You can reuse lab_seq2seq_nmt_lib.train_tokenizer() but you should not use lab_seq2seq_nmt_lib.apply_tokenization() for this exercise.

Confirm your new function works by running exec_task() and providing it with your new functions handle. Log the source and target tensors that are generated to confirm the word indexes of the source tensor are reversed correctly.

A solution is below in task3_tokenize() for reference.

**END EXERCISE Task 3**

In [None]:
def task3_tokenize( list_source_sents, list_target_sents, dict_alignment_matrix, logger, use_tokenizer_source = None, use_tokenizer_target = None ) :
	# train tokenizers (or use existing one if we are in translate phase)
	if use_tokenizer_source == None :
		tokenizer_source = lab_seq2seq_nmt_lib.train_tokenizer( list_lines = list_source_sents, logger = logger )
	else :
		tokenizer_source = use_tokenizer_source
	if use_tokenizer_target == None :
		tokenizer_target = lab_seq2seq_nmt_lib.train_tokenizer( list_lines = list_target_sents, logger = logger )
	else :
		tokenizer_target = use_tokenizer_target

	# shuffle corpus and truncate if needed
	if list_target_sents != None :
		bitext = list( zip( list_source_sents, list_target_sents ) )
		random.shuffle( bitext )
		if DEBUG_TRUNC_SENTS == None :
			nMax = len(bitext)
		else :        
			nMax = DEBUG_TRUNC_SENTS
		list_source_sents = []
		list_target_sents = []
		for nSentIndex in range(nMax) :
			list_source_sents.append( bitext[nSentIndex][0] )
			list_target_sents.append( bitext[nSentIndex][1] )
	else :
		if DEBUG_TRUNC_SENTS == None :
			nMax = len(list_source_sents)
		else :        
			nMax = DEBUG_TRUNC_SENTS
		list_source_sents = list_source_sents[:nMax]

	# apply tokenizers (reverse the source sent)
	source_tensor_train = lab_seq2seq_nmt_lib.apply_tokenization( list_sents = list_source_sents, tokenizer = tokenizer_source, max_sent_length = MAX_SENT_LENGTH_SOURCE, reverse_seq = True, logger = logger )

	# translate mode?
	if list_target_sents == None :
		return tokenizer_source, tokenizer_target, source_tensor_train, None

	target_tensor_train = lab_seq2seq_nmt_lib.apply_tokenization( list_sents = list_target_sents, tokenizer = tokenizer_target, max_sent_length = MAX_SENT_LENGTH_TARGET, reverse_seq = False, logger = logger )

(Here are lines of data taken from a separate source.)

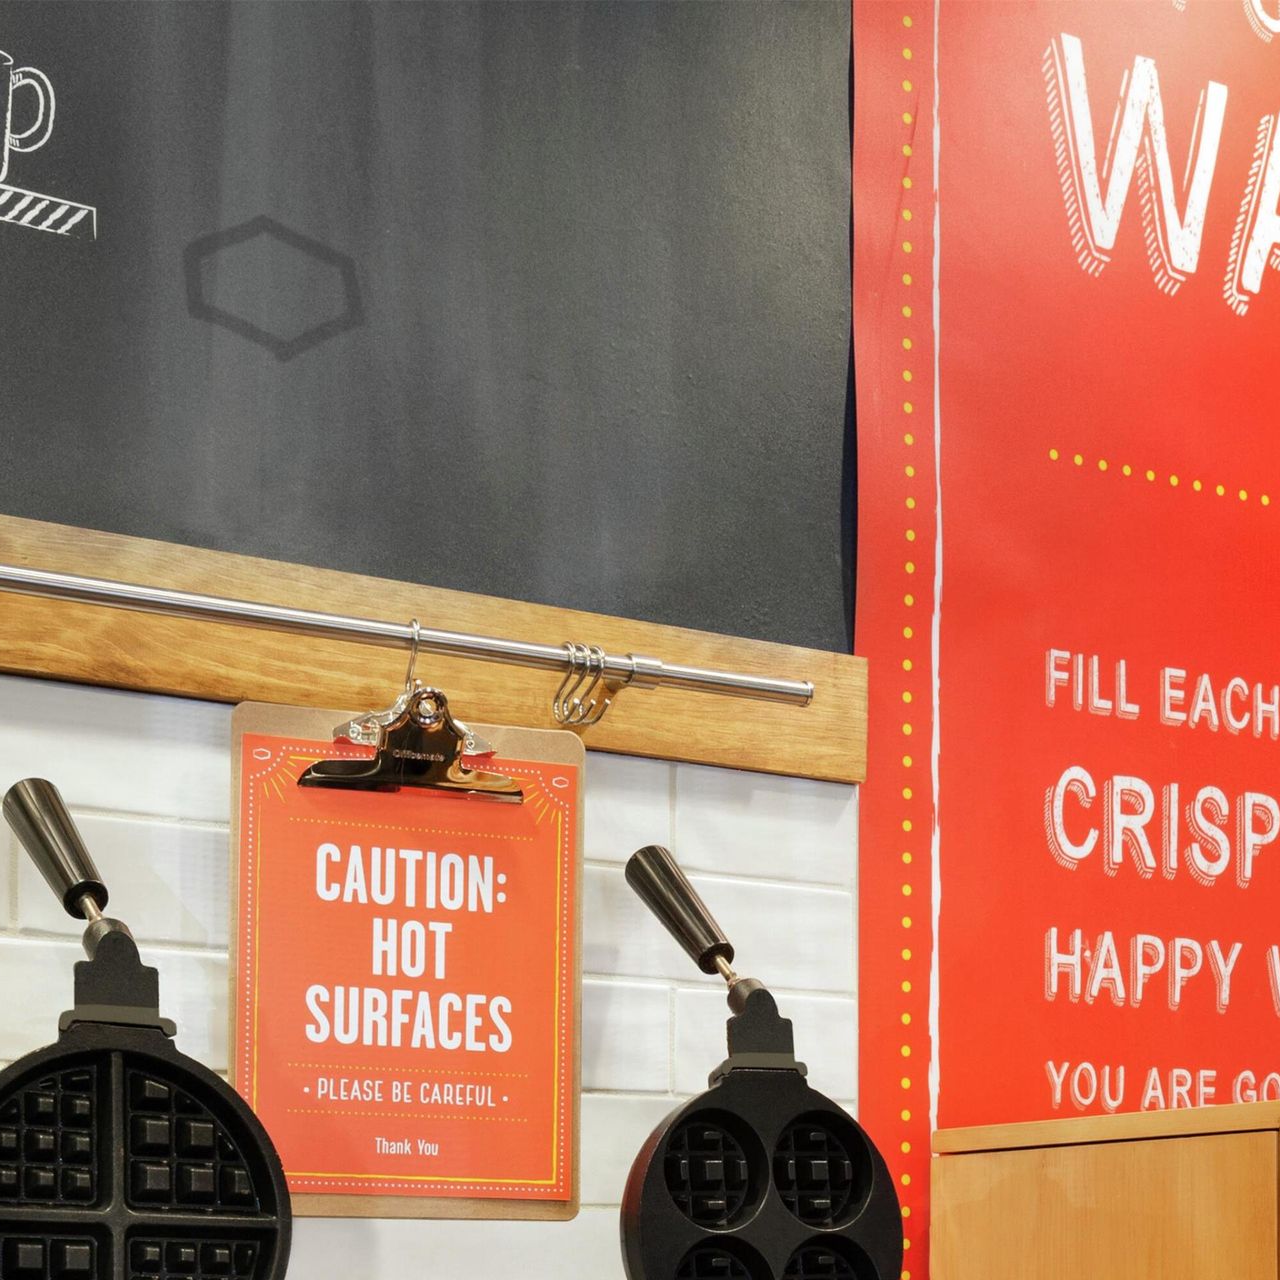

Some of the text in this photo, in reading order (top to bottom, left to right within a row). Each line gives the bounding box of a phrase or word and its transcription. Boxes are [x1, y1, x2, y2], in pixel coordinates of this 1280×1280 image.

[1044, 648, 1141, 719] FILL
[1159, 667, 1280, 738] EACH
[315, 843, 507, 914] CAUTION:
[371, 918, 453, 979] HOT
[1043, 926, 1243, 1014] HAPPY
[304, 985, 514, 1054] SURFACES
[316, 1077, 497, 1107] PLEASE BE CAREFUL
[1045, 1061, 1125, 1113] YOU
[1139, 1067, 1217, 1112] ARE
[374, 1136, 439, 1157] Thank You
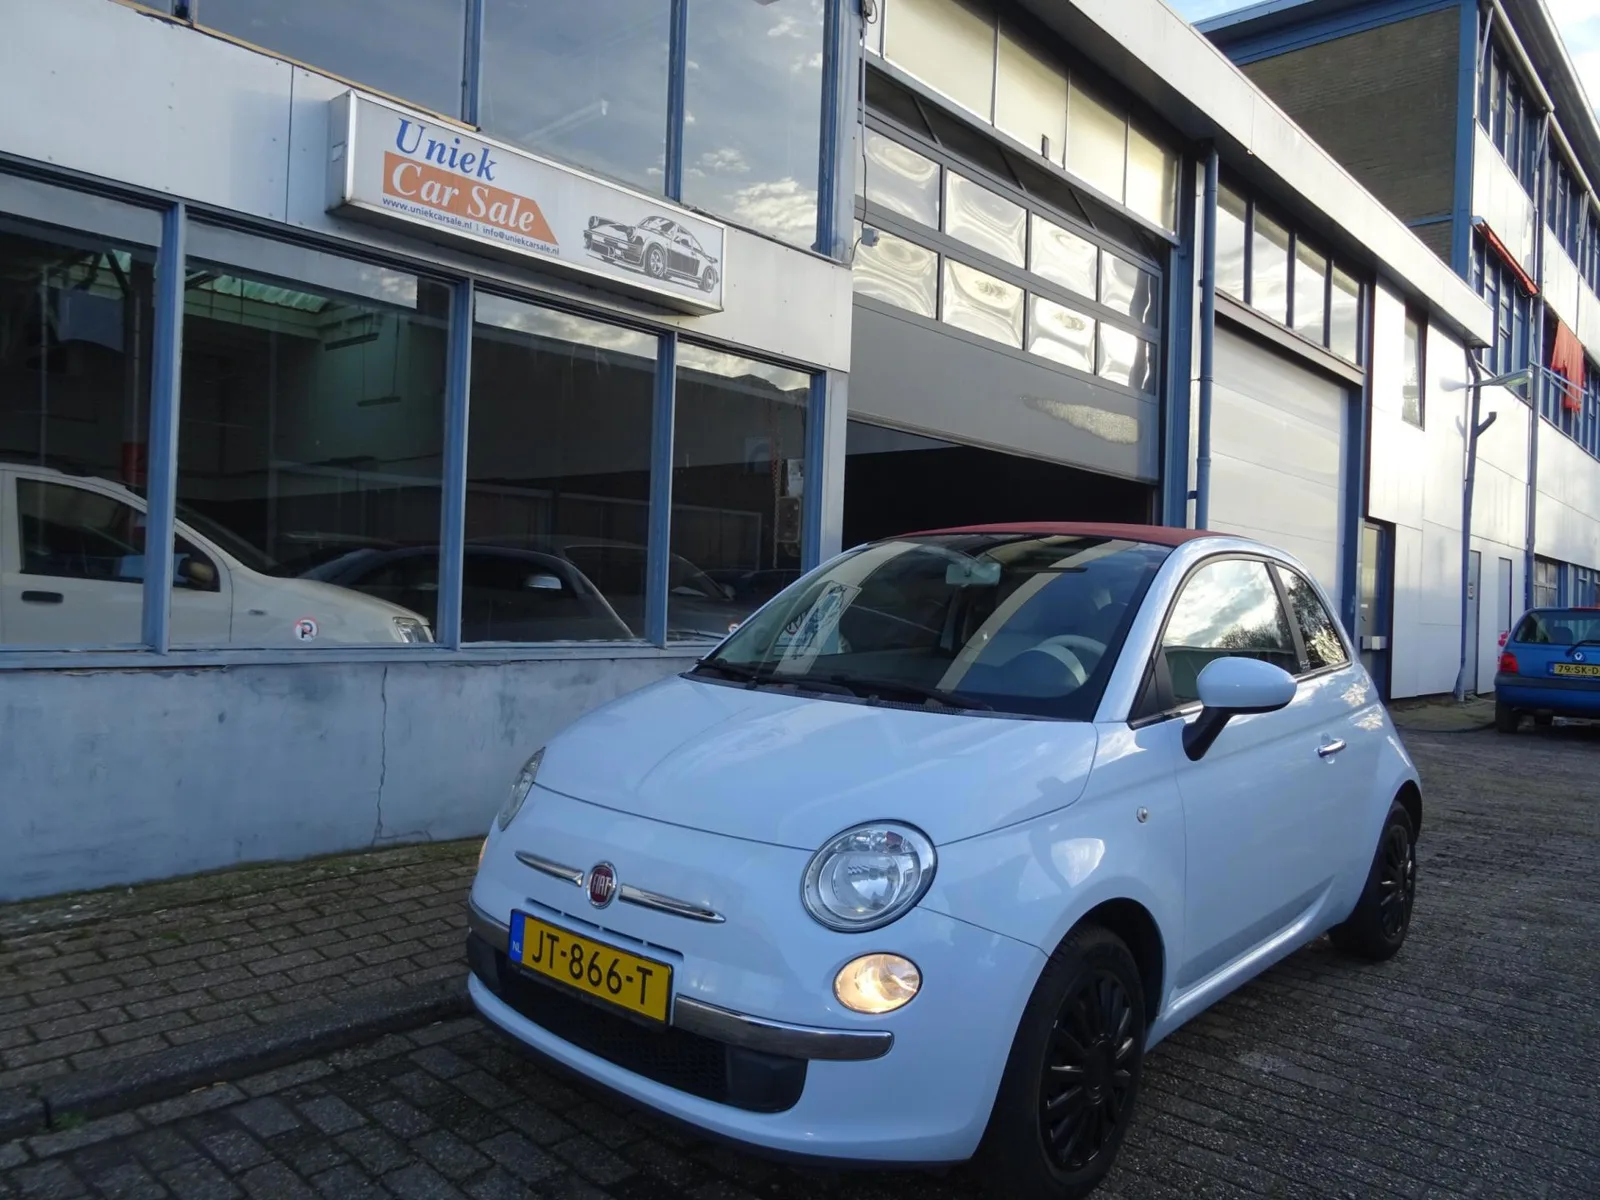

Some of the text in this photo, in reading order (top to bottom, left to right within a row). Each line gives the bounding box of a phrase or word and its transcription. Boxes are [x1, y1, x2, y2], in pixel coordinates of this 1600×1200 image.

[395, 117, 497, 182] Uniek
[382, 197, 472, 230] www.uniekcarsale.nl
[482, 226, 560, 256] info@uniekcarsale.nl
[392, 162, 535, 232] Car Sale
[1558, 664, 1600, 675] 79-SK-D
[591, 873, 612, 895] FIAT
[512, 940, 521, 953] NL
[532, 930, 653, 1006] JT-866-T

	return tokenizer_source, tokenizer_target, source_tensor_train, target_tensor_train


In [None]:
exec_task( preprocess_func = task2_preprocess, tokenize_func = task3_tokenize, decode_func = task1_decoder, translate_func = task1_translate, postprocess_func = None )

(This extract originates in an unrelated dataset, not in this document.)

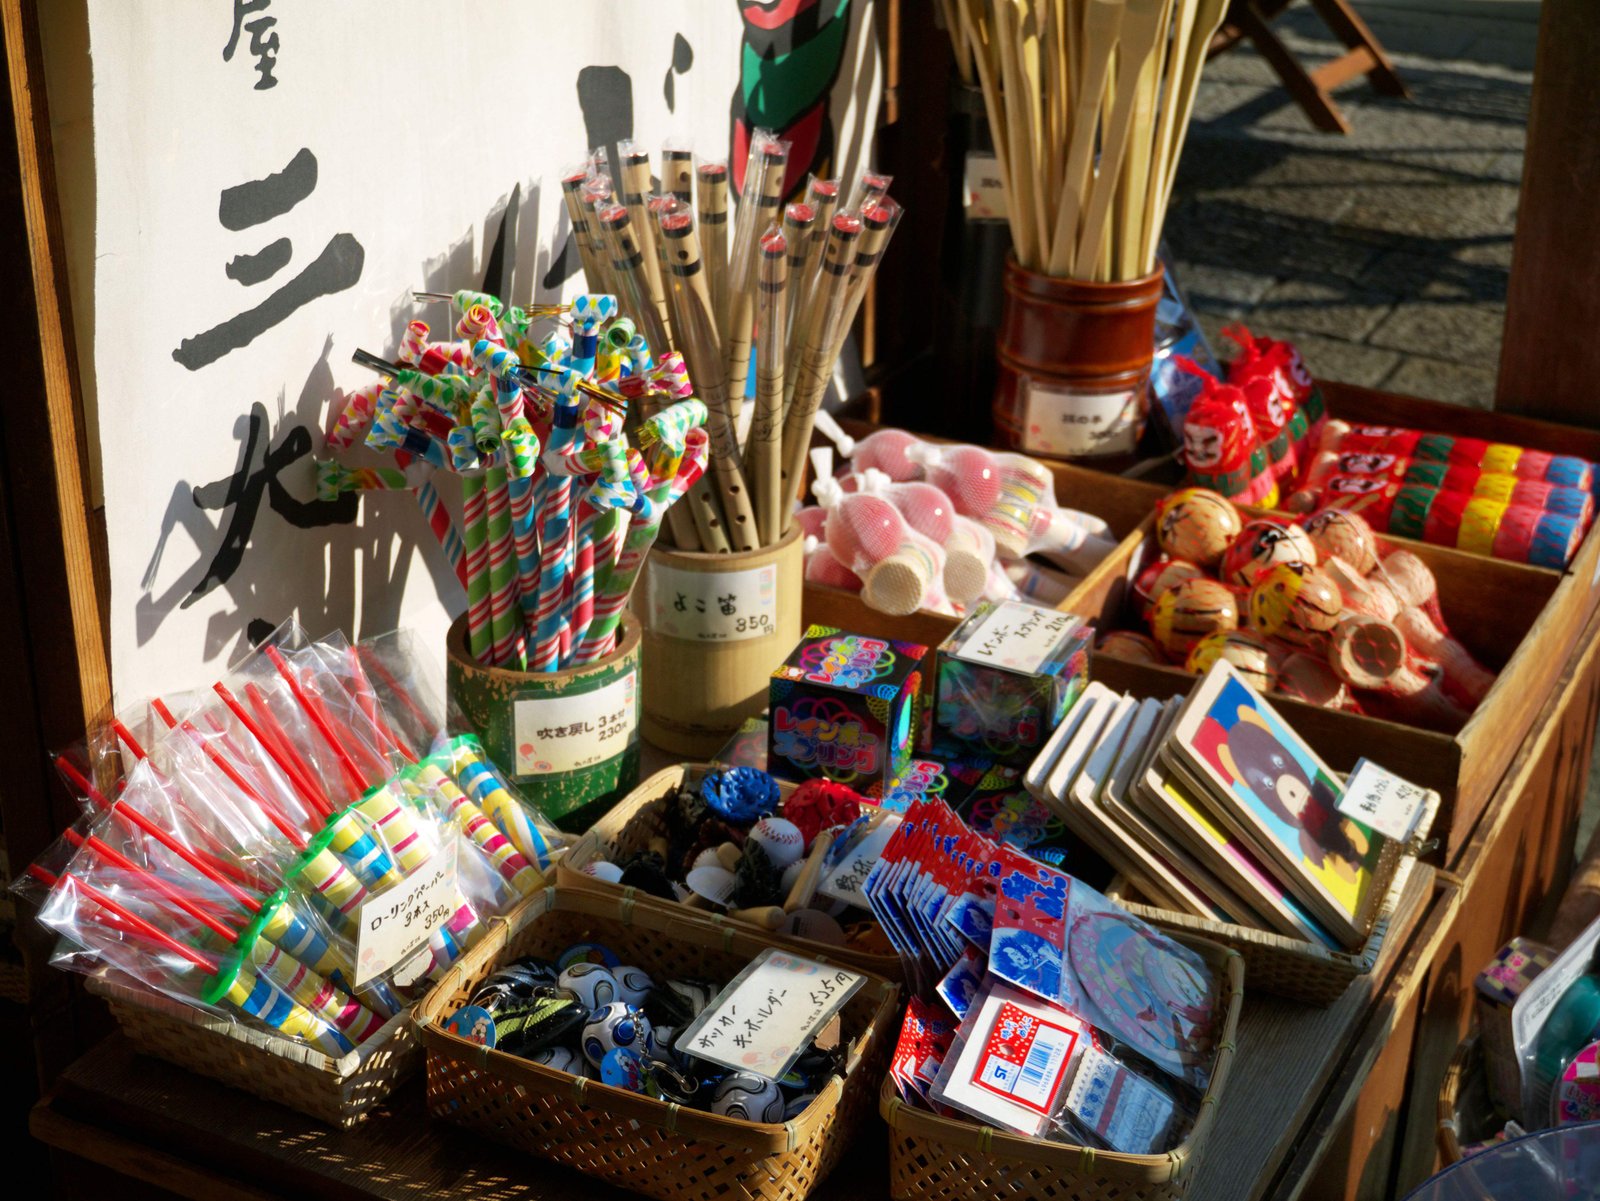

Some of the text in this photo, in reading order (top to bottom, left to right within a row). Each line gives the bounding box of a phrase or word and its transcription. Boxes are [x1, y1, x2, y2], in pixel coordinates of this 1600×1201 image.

### Task 4 - replace the basic decoder with a beam search decoder for better performance

Further reading:
    [BeamSearchDecoder](https://www.tensorflow.org/addons/api_docs/python/tfa/seq2seq/BeamSearchDecoder)
    [Beam search tutorial](https://towardsdatascience.com/word-sequence-decoding-in-seq2seq-architectures-d102000344ad)
	[seq2seq tutorial using beam search decoder](https://github.com/dhirensk/ai/blob/master/English_to_French_seq2seq_tf_2_0_withAttention.ipynb)

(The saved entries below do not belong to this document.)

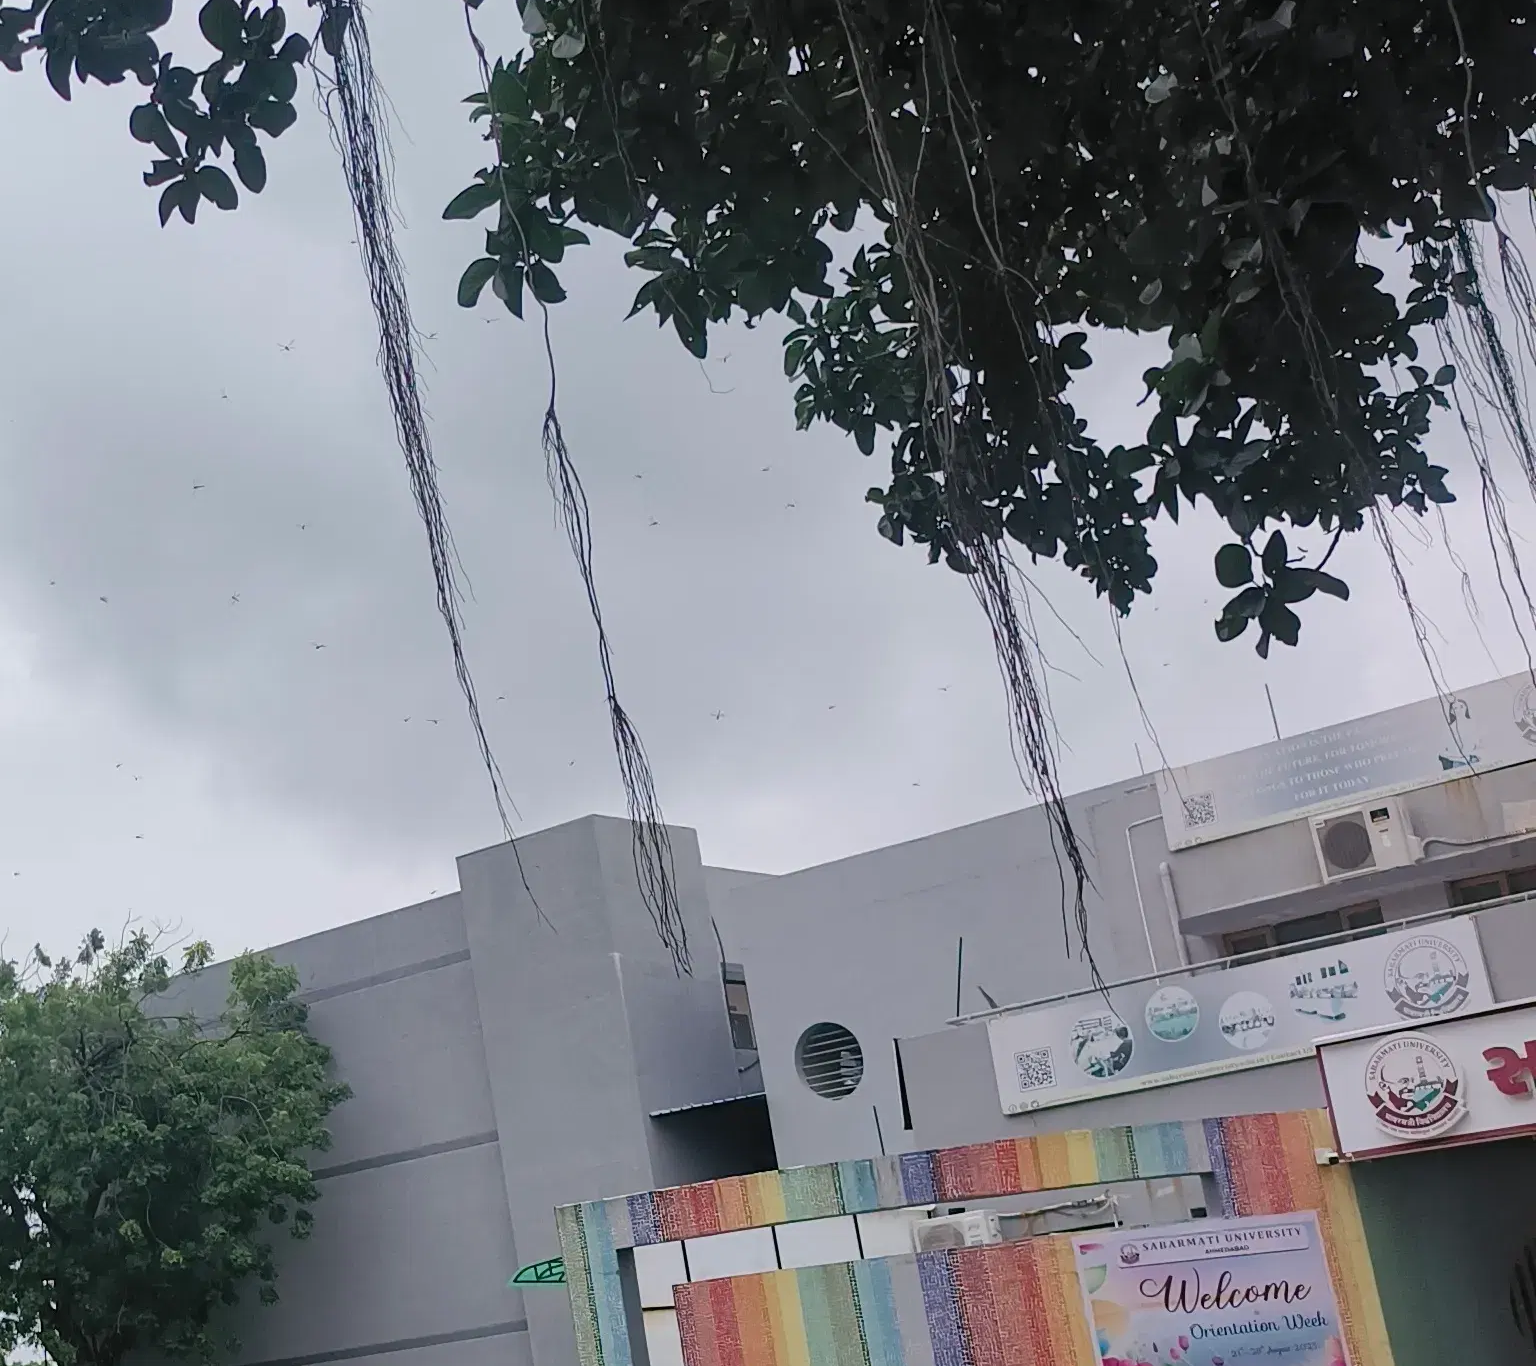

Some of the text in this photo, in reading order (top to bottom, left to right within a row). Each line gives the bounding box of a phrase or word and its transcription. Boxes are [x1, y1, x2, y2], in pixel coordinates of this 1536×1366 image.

[1368, 1041, 1450, 1081] SABARMATI UNIVERSITY
[1142, 1227, 1302, 1251] SABARMATI UNIVERSITY
[1205, 1245, 1250, 1254] AHMEDABAD
[1139, 1268, 1312, 1314] Welcome
[1189, 1310, 1329, 1340] Orientation Week

It has been shown that using a beam search decoder will provide better results than a basic argmax decoder. This is because in sequence to sequence learning the token predictions are based on the information available at the current position in the sequence. With an argmax approach once a token is chosen that choice is locked in and that decision cannot be revisited later if further down the sequence it no longer makes sense. A beam search allows several alternative sequence fragments to be considered at once, with the ability to drop sequence options that become unlikely as decoding progresses.

**EXERCISE Task 4**

Read the links in the above further reading section and try to write your own decoder() and translate() functions to use the tfa.seq2seq.BeamSearchDecoder class.

Confirm the decoder is working correctly by logging the partial prediction sets as the decoder steps through the batch of inputs. Use a beam width of 5 to make it easy to log. You can lookup predicted token indexes in the word_index of the tokenizer instance to log the words as well as the word indices.

Observe how the 5 possible sequence fragments are updated each step and the less likely ones removed.

A solution is below in task4_decoder() and task4_translate() for reference.

**END EXERCISE Task 4**

In [None]:
def task4_decoder( decoderNetwork, a, inference_batch_size, encoder_state ) :
	# beam length normalizaion (avoids short sequences being favoured because probabilities are multiplied so long seq means lower prob)
	# length normalization - see https://opennmt.net/OpenNMT/translation/beam_search/
	# length_penalty = (5 + length_seq)**penalty / 6**penalty
	# scores = logprob / length_penalty
	decoder_instance = tfa.seq2seq.BeamSearchDecoder( cell = decoderNetwork.rnn_cell, beam_width = BEAM_WIDTH, output_layer=decoderNetwork.dense_layer, length_penalty_weight = BEAM_LENGTH_NORM_WEIGHT )
	encoder_memory = tfa.seq2seq.tile_batch( a, multiplier=BEAM_WIDTH )

	# setup attention layer
	decoderNetwork.attention_mechanism.setup_memory( encoder_memory )

	# init decoder
	decoder_initial_state = decoderNetwork.rnn_cell.get_initial_state( batch_size = inference_batch_size * BEAM_WIDTH, dtype = tf.float32 )
	tiled_encoder_final_state = tfa.seq2seq.tile_batch( encoder_state, multiplier=BEAM_WIDTH )
	decoder_initial_state = decoder_initial_state.clone( cell_state=tiled_encoder_final_state )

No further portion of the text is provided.